Background: Despite significant improvements in the treatment of metastatic breast cancer (MBC), it remains an incurable disease. The presence of circulating tumor cells (CTC) predicts for progression free survival (PFS) in (MBC) patients. We hypothesized that the change in level of CTCs can be a good surrogate marker for PFS.

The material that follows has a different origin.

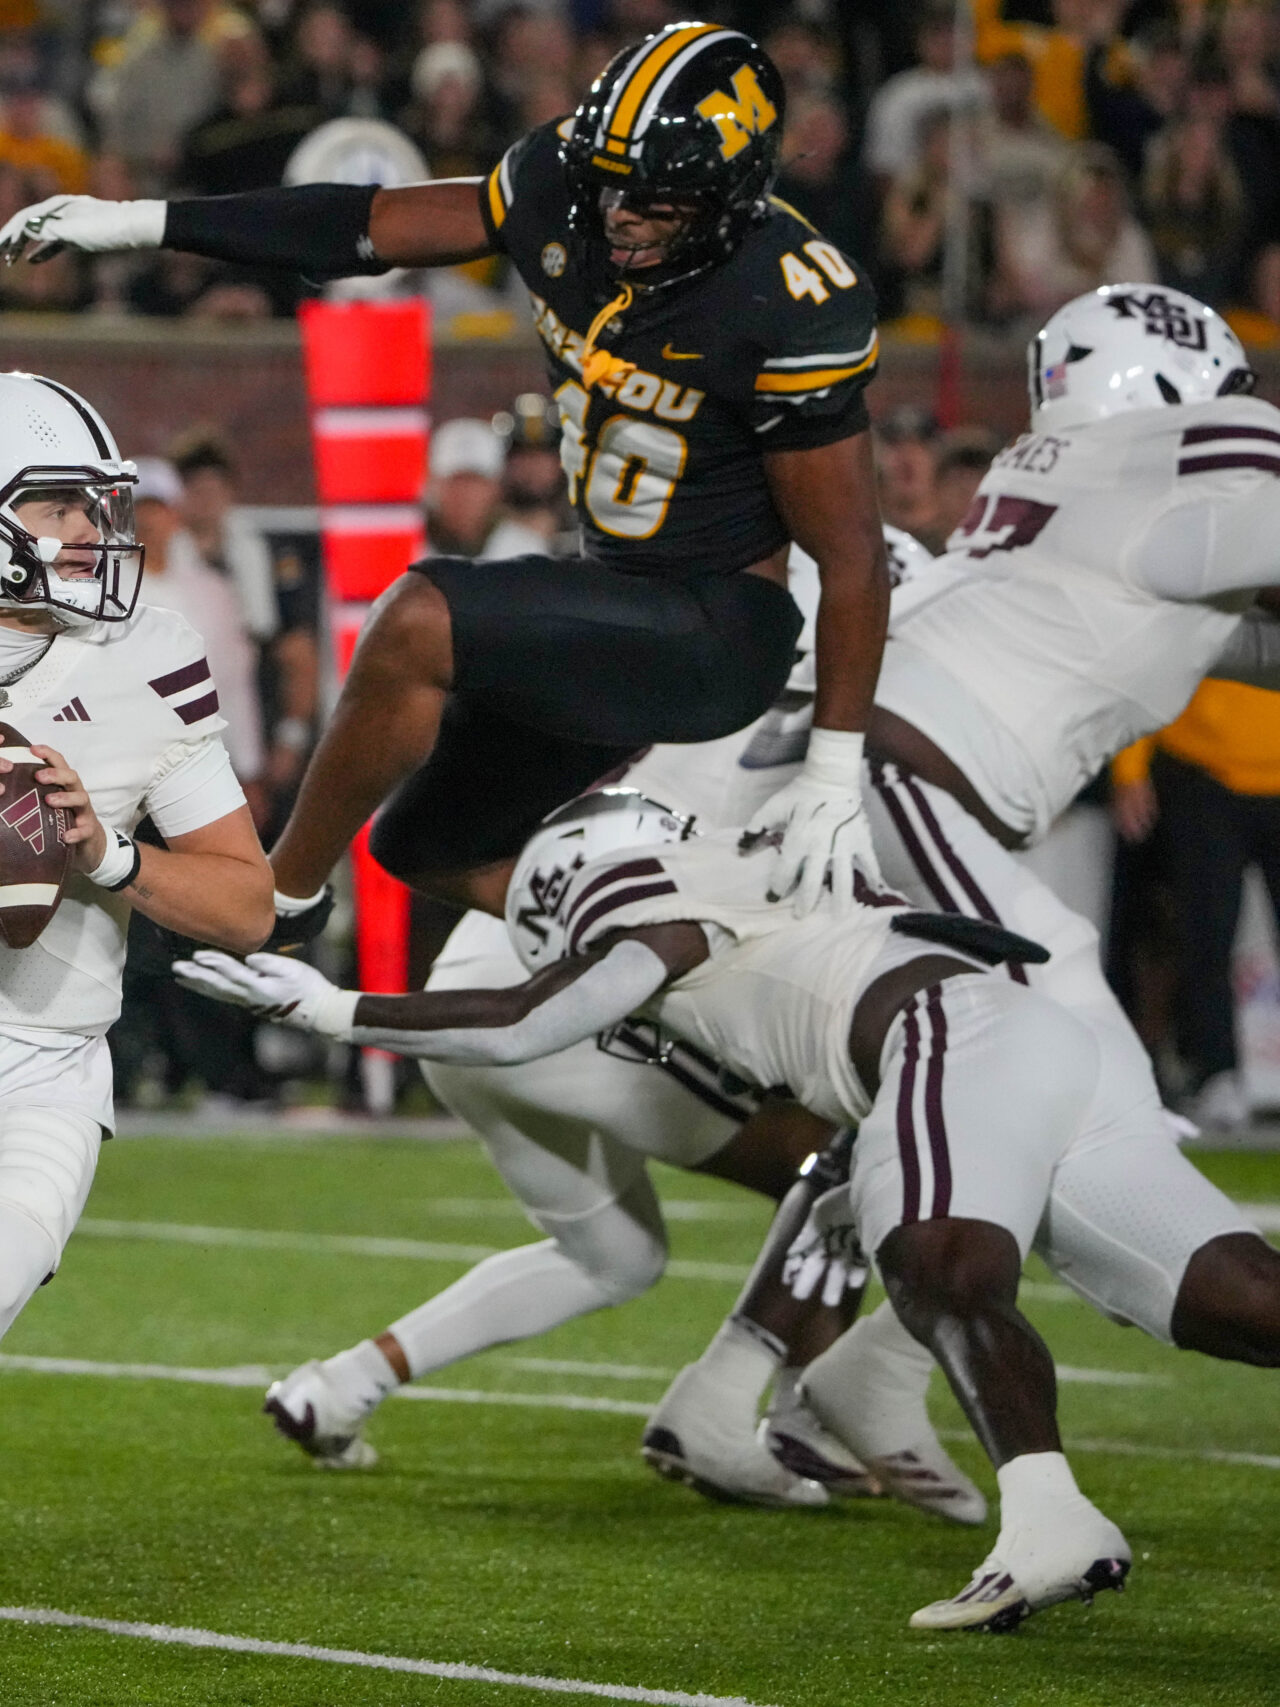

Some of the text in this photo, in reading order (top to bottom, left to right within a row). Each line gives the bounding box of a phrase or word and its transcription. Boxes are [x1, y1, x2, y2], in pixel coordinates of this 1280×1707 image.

Methods: CTC level was determined by flow cytometry (FCM) in the blood of MBC female patients with measurable or non-measurable evaluable disease excluding CNS metastasis 1) before starting taxanes (Docetaxel or Paclitaxel) regimen, 2) after the first cycle, and 3) at assessment of the disease after 3-4 cycles. The breast origin was further confirmed through assessment of CK19, mammaglobin, prolactin inducible peptide (PIP), aldehyde dehydrogenase 1 (ALDH1) and human chorionic gonadotropin (hCG) in the separated CTCs by quantitative real time PCR (QRT-PCR). CTC level and level of these markers were correlated with the clinical features of the patients, response to treatment and PFS.
Results: Sixty-six female patients were enrolled between May 2010 and Jan. 2011. The median age was 48.9 years and duct carcinoma was the main pathologic subtype. After a median follow up period of 20 months, median PFS was 6 months. There was a very strong relation between the selection marker CK-19 and the breast cancer markers (p value = 0.0001). Patients with baseline CTC < 4 had significantly higher median, 6 months and 1 year PFS when compared with those with CTC ≥ 4 (p value = 0.03) while CTC levels did not correlate with PFS in the 2nd & 3rd samples respectively (p value = 0.28). Also patients whose CTC level decreased after treatment had significantly prolonged median PFS compared to patients whose CTC level increased (10 versus 4 months, p = 0.007).
Conclusions: CTCs; measured by RT-PCR were strongly predictive of PFS in MBC. CTC also could be of a great potential value in early assessment of response to chemotherapy after the 1st cycle especially in non-measurable lesions.
Key Words: Circulating tumor cells, metastatic breast cancer, progression free survival and RT-PCR.
Citation Information: Cancer Res 2013;73(24 Suppl): Abstract nr P1-04-10.